Me dicen que no necesitamos feminismo

 Por: Claudia Patiño

ocac-1En alguna parte de la ciudad, un padre va a buscar al colegio a sus hijos, un adolescente y una niña pequeña. Se suben los tres al auto y el padre pregunta cómo estuvo el día, a lo que el adolescente no hace caso alguno. Por el contrario, la niña pequeña extiende sus brazos y cuenta con desbordante felicidad lo que aprendió: la profesora les leyó un cuento de una hermosa princesa que se dormía y luego debía despertar tras el beso de un aventurero y valiente príncipe. El padre escucha a medias el relato de su hija, y mientras el auto da una vuelta en una esquina, una mujer cruza la calle en luz verde. El padre le toca la bocina dos veces y se da vuelta a mirarla mientras ella llega a la calzada. Pero no está enojado. El relato de la niña ya fue olvidado, el padre le da un codazo al hijo adolescente y riéndose le pregunta: “¿la viste, hijo? Hay que tocarles la bocina bien fuerte cuando las ves así”.

En el centro de la ciudad, una mujer se encierra en el baño de un centro comercial y se echa a llorar. Le ofrecieron por primera vez un cargo directivo en la empresa en la que trabaja, pero lo ha rechazado porque es lo correcto. O eso cree. Se repite que no sería justo para sus hijos, ni para su esposo. Destinar más tiempo aún al trabajo es sencillamente imposible, cuando debe asistir a las reuniones de los niños, ocuparse de que estudien y que se bañen y además llegar a la casa a lavar la loza y la ropa a las siete de la tarde. Cómo voy a dejar el trabajo de la casa botado, no, es impensable, se repite. Se seca las lágrimas y reafirma que ya da igual, si ya no hay nada que hacer porque el trabajo se lo dieron a otro colega, un hombre de unos cuarenta años que tiene hijos igual que ella, pero con la diferencia de que él sí tiene tiempo.

ocacEn un bar, un grupo de amigas deciden que después de pasar una tarde bebiendo cervezas, es hora de ir a casa. Pero antes de pedir la cuenta, una de las amigas se dispone a contar la última historia de la velada. La amiga cuenta que el día anterior se subió a la micro y que un tipo se sentó al lado de ella. Nada extraño. Luego de varios minutos, el tipo se aclaró la voz y le dijo que sus zapatos eran bonitos, mientras le miraba las piernas de arriba a abajo. Después, como por arte de magia comenzó a hablar de su vida, recalcando que estaba separado, y de una frase a otra, como quien dice que el día está nublado, le pidió que lo fuera a visitar a tu trabajo. “Anda a verme”, le dijo. Le dió la dirección, y la amiga le cuenta a las otras que tuvo miedo, pero no le dijo nada a él “porque no se veía malo, solo fue un poquito insistente”. Al final (y mientras se toma el último sorbo de cerveza) dice que fue pura suerte que el tipo se bajase de la micro antes que ella, porque no sería “nada extraño” que algo le hubiese pasado.

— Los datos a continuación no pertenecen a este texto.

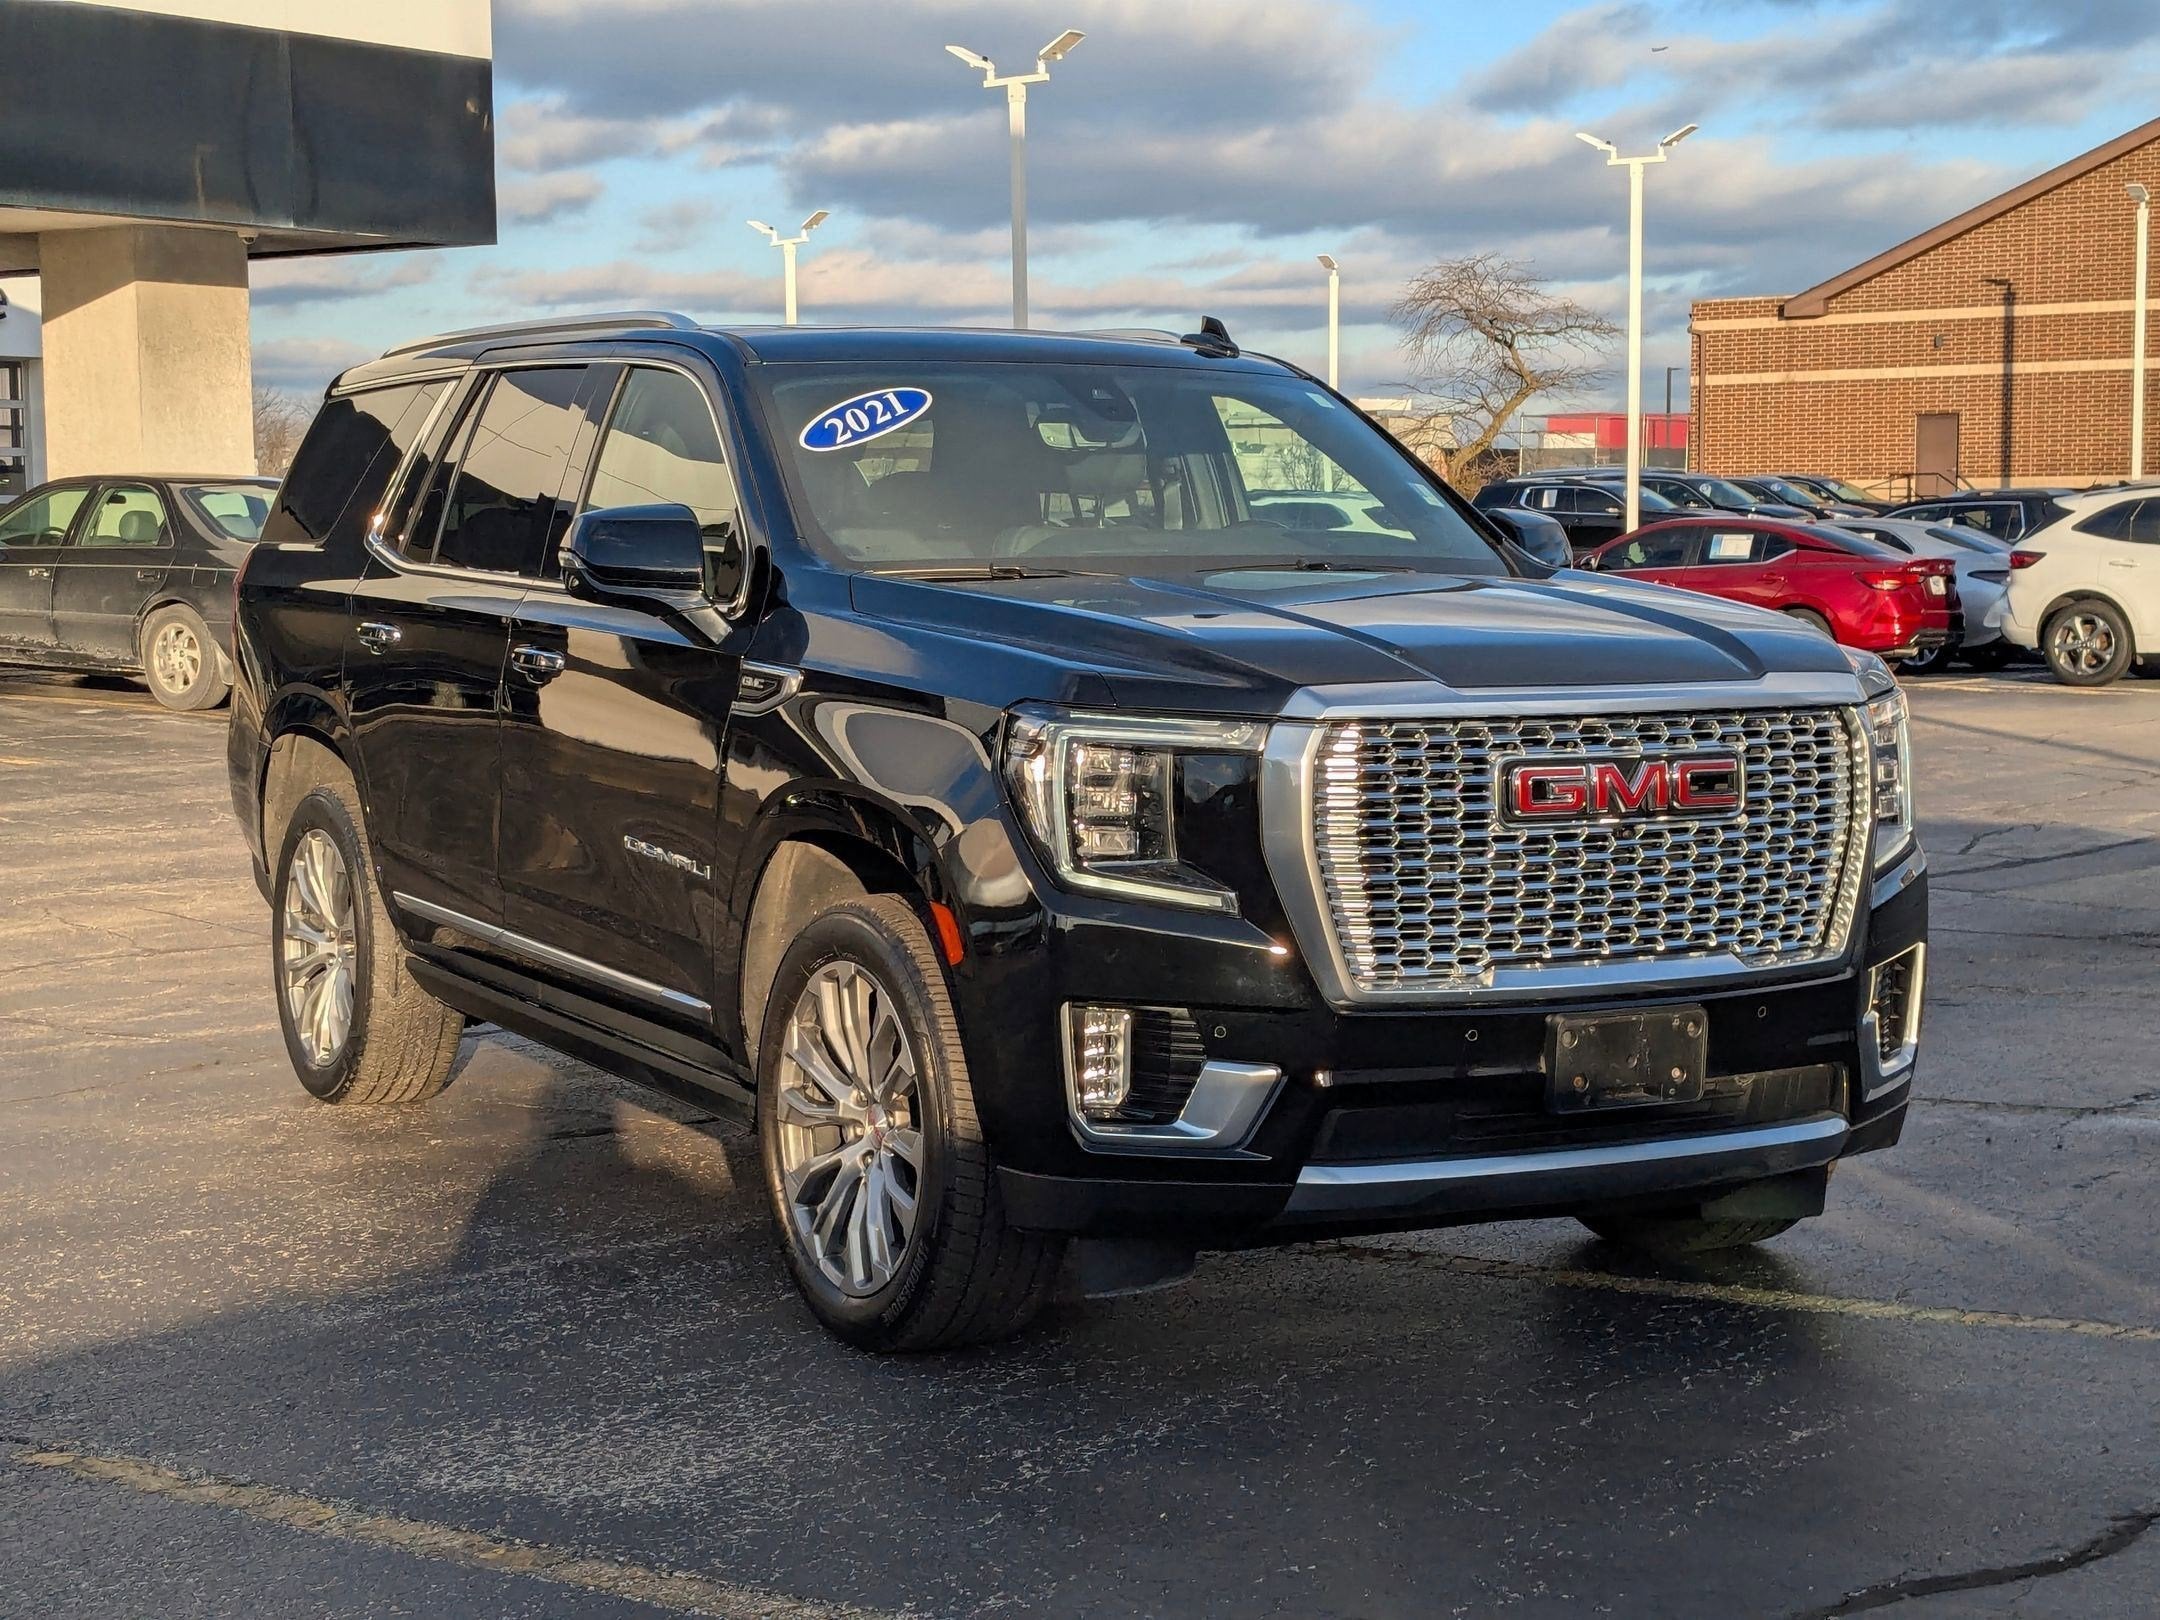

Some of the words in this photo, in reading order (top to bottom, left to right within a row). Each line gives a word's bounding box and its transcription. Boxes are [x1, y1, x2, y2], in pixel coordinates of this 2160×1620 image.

[824, 392, 909, 444] 2021
[1514, 760, 1738, 814] GMC
[624, 835, 711, 880] DENALI
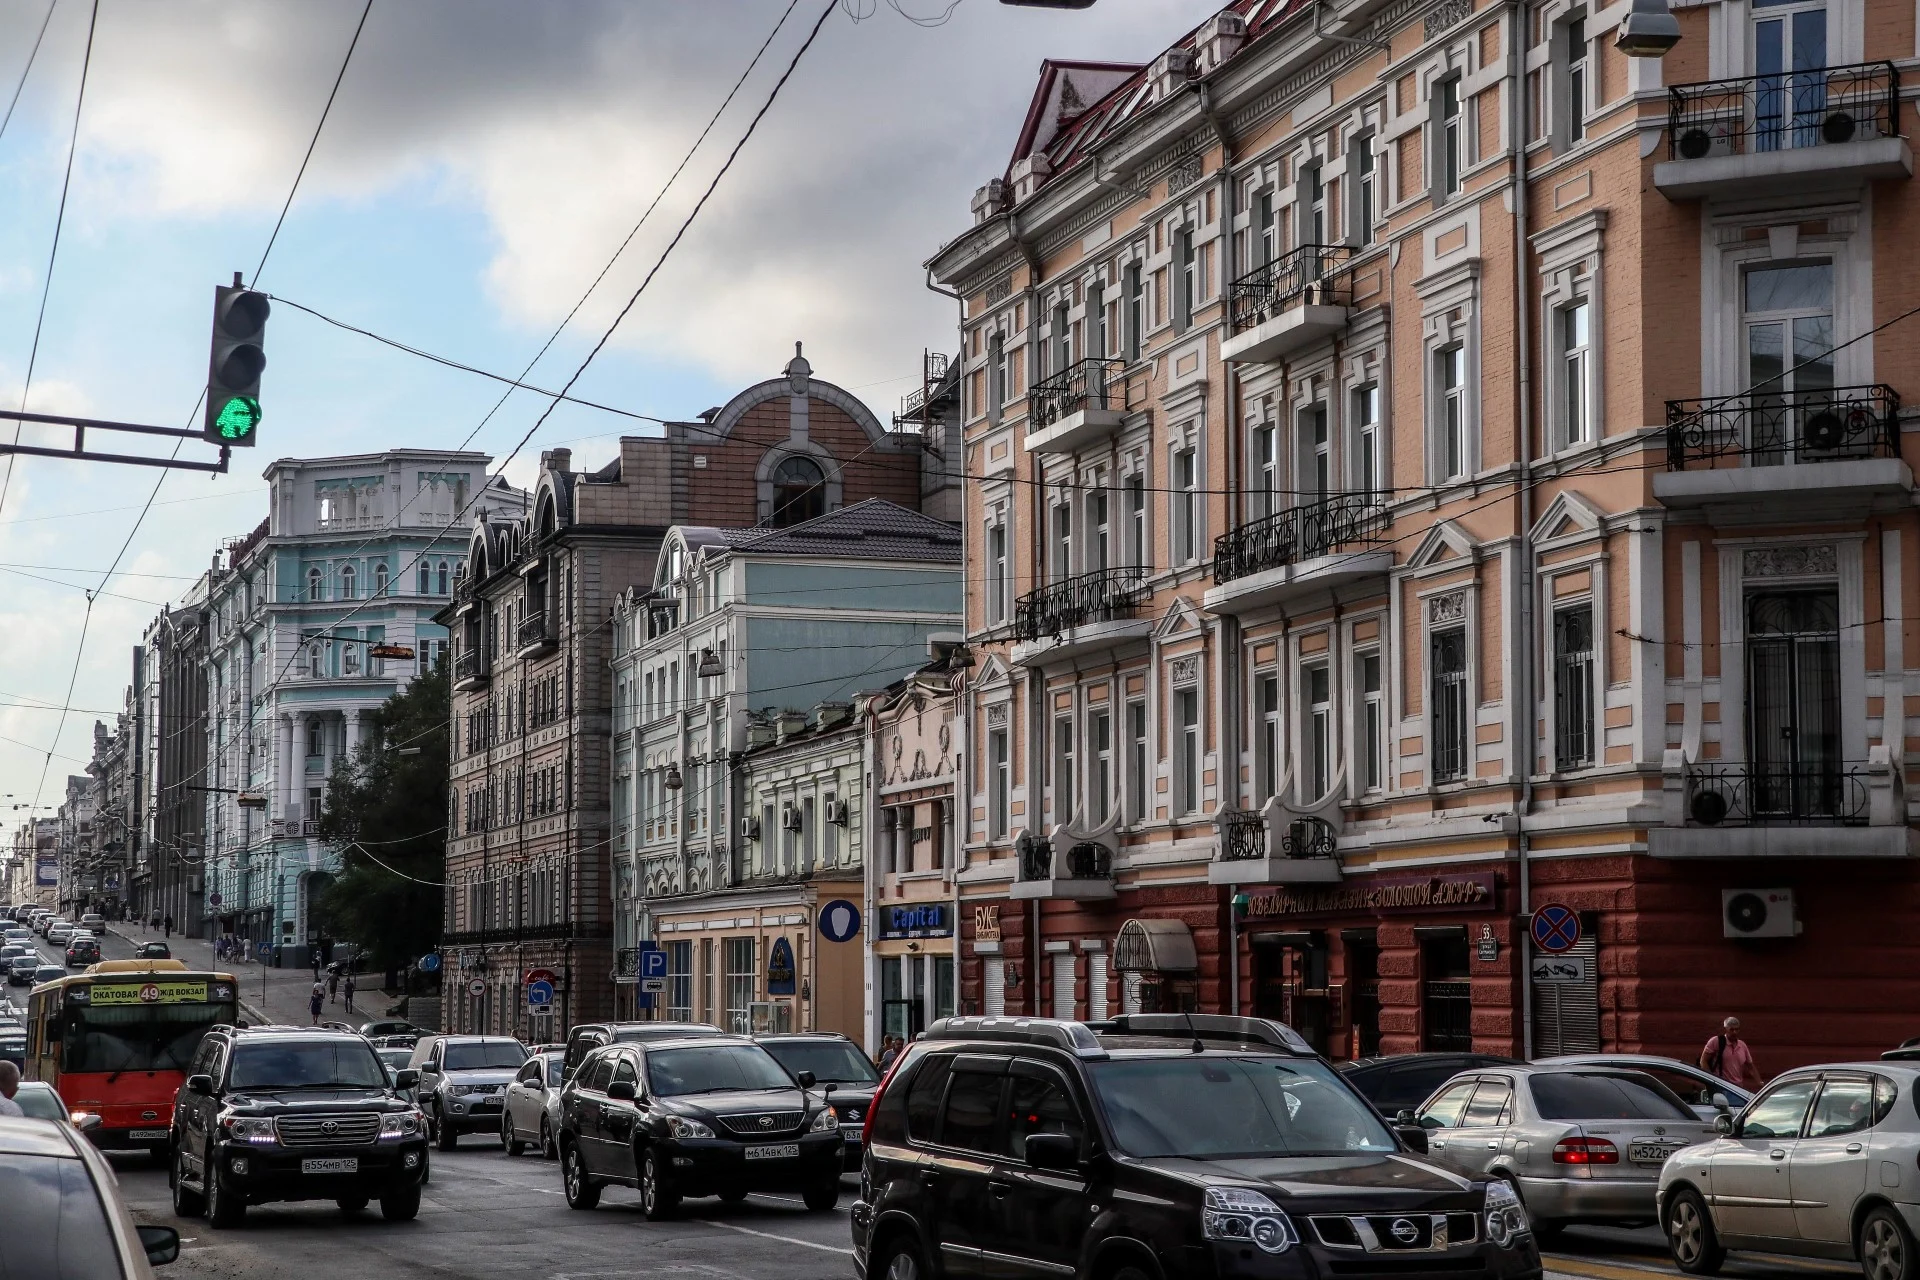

En otro lado de la ciudad, una mujer camina a la parada del colectivo. Tras un largo turno en el hospital, deja atrás los llantos de niños, los insultos del hombre que la llamó inútil por tanto papeleo para que lo atiendan. No se ha puesto la chaqueta a pesar de que comienza a anochecer, quiere por un minuto disfrutar la última suave brisa del atardecer de ese viernes. Mientras espera el colectivo, prende un cigarrillo y un auto se detiene justo a su lado. Es un hombre joven, quien baja la ventanilla del auto y se le queda mirando unos segundos. “Mijita rica, ¿por qué tan solita? ¿Pa’ dónde la llevo?”, le dice. La mujer no responde, ni fuma, ni siquiera lo mira. Le da vergüenza y piensa en que ojalá nadie la esté mirando, aparte del tipo del auto. En vista de que no hay respuesta, el hombre hace un gesto de lanzar un beso y se va. La mujer apaga el cigarrillo y se pone la chaqueta.

Y así me dicen que no necesitamos feminismo.